FIFA ritira la Forward Enterprise e lo scontro con la UEFA si inasprisce: fiducia persa
La FIFA ha ritirato il controverso progetto Forward Enterprise, facendo un passo indietro dopo l’ondata di contestazioni. La decisione, però, non ha riportato l’armonia nei rapporti con la UEFA, che nelle ultime giornate aveva costruito un fronte di opposizione deciso. La spaccatura resta aperta su temi centrali come trasparenza, governance e gestione delle risorse legate alle competizioni mondiali, con riflessi diretti sull’intero ecosistema del calcio internazionale.
fifa ritira forward enterprise, ma la frattura con la uefa resta
La FIFA ha comunicato il ritiro del progetto Forward Enterprise, nato come proposta legata a una riorganizzazione commerciale dei diritti e dei ricavi delle competizioni mondiali, tra cui la Coppa del Mondo. L’iniziativa era stata contestata con forza dalle federazioni europee, sostenute anche da diverse confederazioni internazionali, che avevano avviato una forma di pressione politica e istituzionale contro la visione promossa dai vertici di Zurigo.
Il cuore della proposta era aprire il capitale della società incaricata della gestione in esclusiva dei diritti e dei flussi commerciali, prevedendo la possibile partecipazione di investitori privati. Il ritiro della Forward Enterprise chiude la fase legata all’ingresso dei capitali privati, ma non interrompe il confronto su come debba essere impostata la distribuzione delle risorse e la struttura di potere all’interno del sistema.
uefa attacca la dirigenza, richiamo alle parole del 2016
La UEFA ha accolto favorevolmente l’abbandono dell’iniziativa, riconoscendo il lavoro di chi si era opposto al piano. Parallelamente, l’organismo europeo ha deciso di accompagnare la notizia con accuse rivolte ai vertici della FIFA, sostenendo che il progetto fosse stato costruito e negoziato in totale segreto, senza trasparenza e senza un coinvolgimento reale degli attori del calcio mondiale.
fifa e la fiducia: il messaggio sui fondi e sulla responsabilità
Nel comunicato, la UEFA collega la critica all’attualità con un richiamo alle parole del presidente FIFA al suo insediamento nel 2016: “Il denaro della FIFA è il vostro denaro. Non è il denaro del presidente della FIFA”. L’intento è sottolineare il tema della corretta gestione delle risorse e della loro titolarità, riportando il dibattito su un piano politico e di legittimazione.
governance sotto accusa: perdita di fiducia verso la leadership
Il testo rafforza ulteriormente l’attacco sul piano della governance, affermando che l’attuale dirigenza FIFA avrebbe perso la fiducia non solo della UEFA, ma anche di molti altri membri della famiglia calcistica. La questione, quindi, non viene limitata al singolo progetto ritirato, ma viene estesa alla tenuta complessiva della leadership e ai rapporti interni al movimento.
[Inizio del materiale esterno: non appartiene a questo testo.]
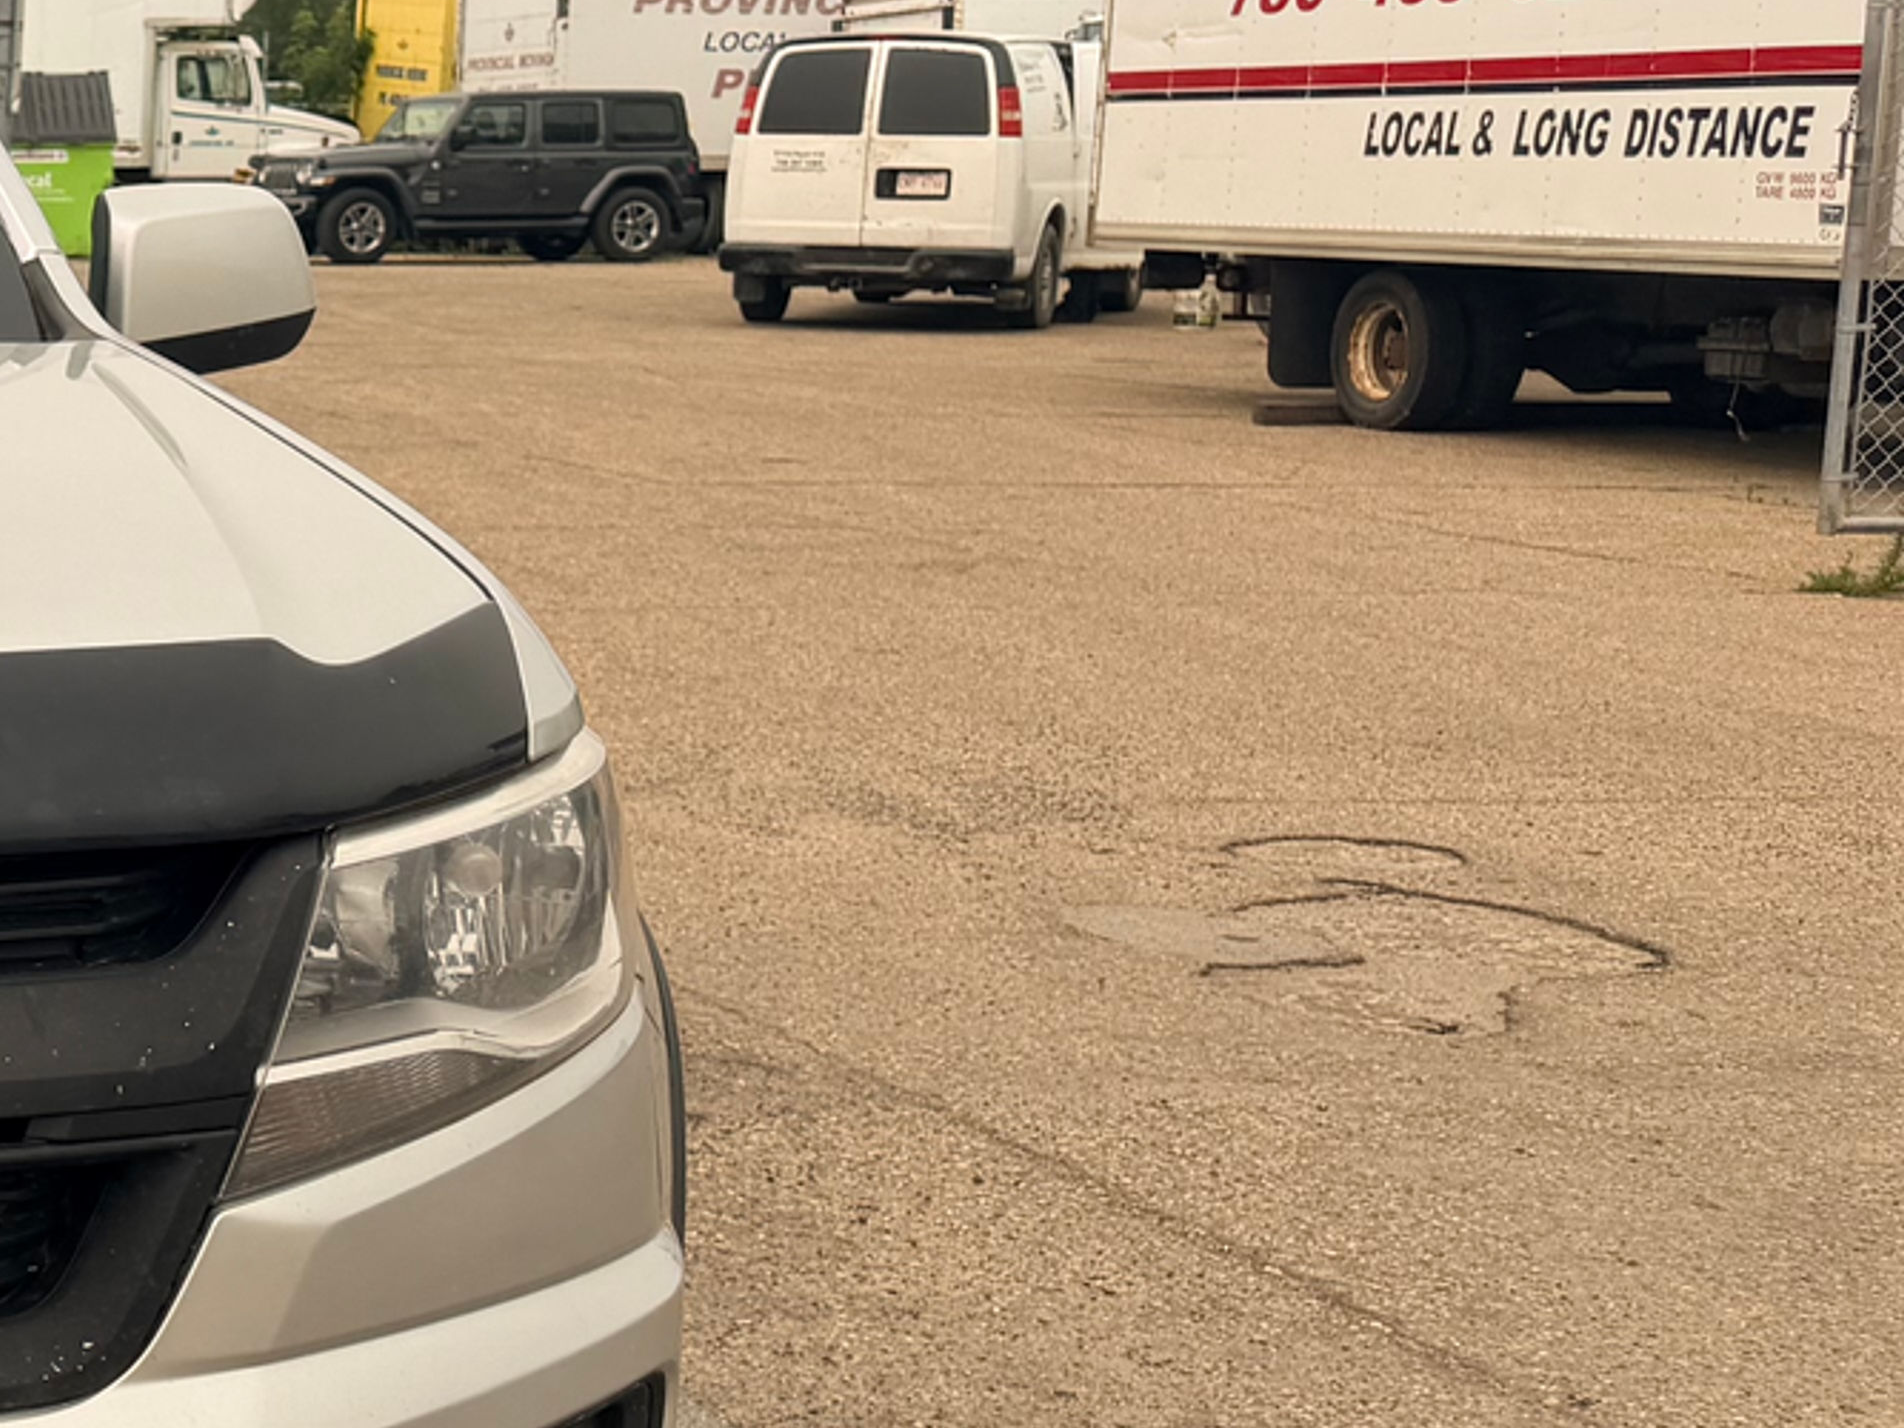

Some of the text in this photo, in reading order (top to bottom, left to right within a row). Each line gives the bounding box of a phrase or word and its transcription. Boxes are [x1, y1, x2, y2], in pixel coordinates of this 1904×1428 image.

[1363, 105, 1817, 158] LOCAL & LONG DISTANCE
forward finisce, uefa punta alle riserve e al programma forward
Con lo stop alla presenza di fondi privati, la UEFA indica l’obiettivo di collaborare con federazioni, confederazioni e altri stakeholder per ridisegnare il sistema di distribuzione delle risorse economiche. Il percorso indicato ruota attorno alle ingenti riserve della FIFA, definite come superiori a cinque miliardi di dollari, considerate una base per sostenere la crescita del movimento globale.
La prospettiva di utilizzo delle riserve viene collegata al programma Forward, presentato come strumento alternativo rispetto alla logica di ingresso di investitori privati nel capitale della società coinvolta nella gestione dei diritti e dei ricavi.
tutela del patrimonio: il monito sul futuro dello sport
La posizione della UEFA si conclude con un monito rivolto al futuro: “Non dobbiamo svendere il patrimonio di famiglia per finanziarlo”. In altre parole, la confederazione europea sottolinea la necessità di proteggere i beni dello sport, evitando che il sostegno economico avvenga tramite operazioni considerate in grado di indebolire il patrimonio complessivo.
incertezza e confronto politico ai vertici del calcio internazionale
Il ritiro della Forward Enterprise chiude una parentesi di natura commerciale e finanziaria, ma apre una fase di incertezza e di confronto politico tra i vertici del calcio internazionale. Il nodo centrale resta la costruzione di un equilibrio tra gestione dei diritti, distribuzione delle risorse e modalità di governance, con la relazione tra FIFA e UEFA ancora segnata da contrasti.